Chicago

Eleanor Dube, Christine Ramberg, Roger Brown and Phil Hanson

The Hyde Park Art Center continues to exhibit work by outstanding local artists, more often than not presenting them in their first major showing. In this context was the “False Image” show in November which included Eleanor Dube, Christine Ramberg, Roger Brown and Phil Hanson. The name under which the group exhibited came close to reflecting the underlying theme of their highly subjective, introspective and often subtle and understated works. Most of the paintings were less than one foot in height or width, and there were over 80 pieces by the four artists.

The idea of the movie house, or perhaps the mystique of the movie house dating back to the 1930s, becomes the subjective framework for Roger Brown’s paintings which carry titles such as Palace, Tivoli, Century, etc.
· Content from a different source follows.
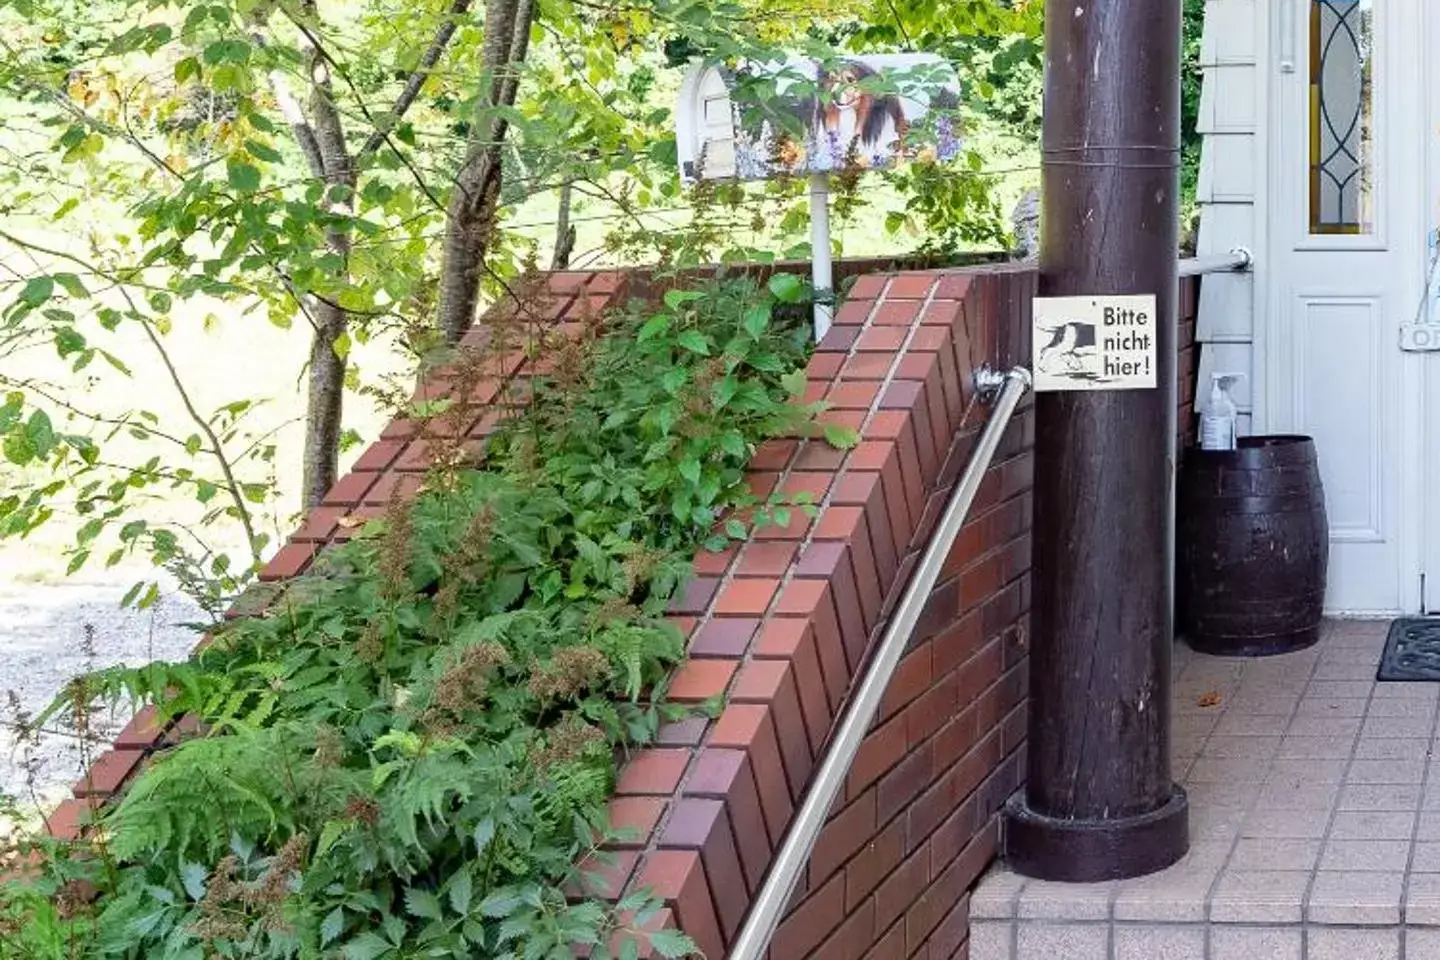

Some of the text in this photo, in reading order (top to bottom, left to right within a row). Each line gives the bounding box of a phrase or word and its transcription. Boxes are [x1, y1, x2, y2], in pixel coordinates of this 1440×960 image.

[1103, 306, 1148, 326] Bitte
[1103, 329, 1150, 351] nicht
[1103, 355, 1150, 375] hier!
The small size of each painting, their spare stylization, defines the setting and sets limits of simplicity (rather than the opulent “baroque” style of Balaban and Katz theaters). The balcony and the loge, the lights, the curtain and silhouettes of the audience are used to enframe the event which is the momentary image on the screen. These images are sometimes suggestive or in other instances enigmatic, invariably cryptic; the stylization of the synthetic, exotic half-dreamed event invites a detached voyeurism. He has used restraint and simplicity of drawing; he also employs an unobtrusive color which at times is almost powdery and bland, and we become members of the audience, the silhouetted heads watching the event on the screen. His paintings imply that the watcher, too, may be watched and although voyeurism seems to be implicit the remoteness and detachment in his work are such that the term indicates only partially what is there.
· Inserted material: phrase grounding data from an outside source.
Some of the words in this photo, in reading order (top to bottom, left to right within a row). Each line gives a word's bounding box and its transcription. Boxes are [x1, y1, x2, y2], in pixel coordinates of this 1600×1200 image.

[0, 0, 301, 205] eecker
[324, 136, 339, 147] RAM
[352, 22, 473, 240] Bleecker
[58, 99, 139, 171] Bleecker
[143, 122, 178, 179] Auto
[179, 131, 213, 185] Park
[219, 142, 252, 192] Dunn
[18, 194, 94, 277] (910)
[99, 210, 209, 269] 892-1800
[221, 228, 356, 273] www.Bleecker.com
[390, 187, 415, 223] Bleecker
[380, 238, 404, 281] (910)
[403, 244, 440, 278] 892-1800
In Phil Hanson’s paintings the simplicity of style (drawing and application of paint and the low-keyed color) is in marked contrast to the subtlety and sophistication of the ideas. The ubiquitous comic strip is an influence (the folklike and often elliptical drawing) and here the small, squarish sizes of his paintings suggest the individual frames of the strip. To reveal or to obscure is the equivocal position of these works. In paintings such as Revealing Shadow or Individual Obscured, shadow-illusion transference becomes the central theme. For example the mirror on a stand that hides the face that casts the shadow which in turn falls coincidentally across a window illustrates the elements in the chain of coincidence and juxtaposition that challenge the limits of accepted reality. Others parody the viewer-reality and the image-illusion. Kodak Lady snaps our picture while hiding her own face. (In fact if there is one common characteristic shared by these artists it is the hiding of the face or at least features such as the eyes in their work.)

In Christine Ramberg’s paintings the head is turned or covered: hair and the act of dressing it assume an almost fetishistic importance. The feeling that we are present at some ritual is evoked—and evoke is especially descriptive here. For example, these were small paintings, about 8 inches by 8 inches, and their frames suggested old-fashioned hand mirrors, the paintings being the reflection therein (actual mirrors were mounted on the backs of two of them). All surrounding details were eliminated and their enamel-like surfaces allowed for an intricate pattern. Their obsessiveness and our own involvement (again the curious emphasis on the viewer), make of them secretive, oblique expressions.

The fourth artist in the show, Eleanor Dube, was involved (in her drawings and also in the cut-out plexiglass paintings) more with form for its own sake than with allusions to the psychological-esthetic possibilities that gave dramatic power to the work of the other artists. Her abstraction contained elements of Cubism, condensed and telescoped, not toward simplicity but toward a greater degree of complexity which at times was burdensome and confusing.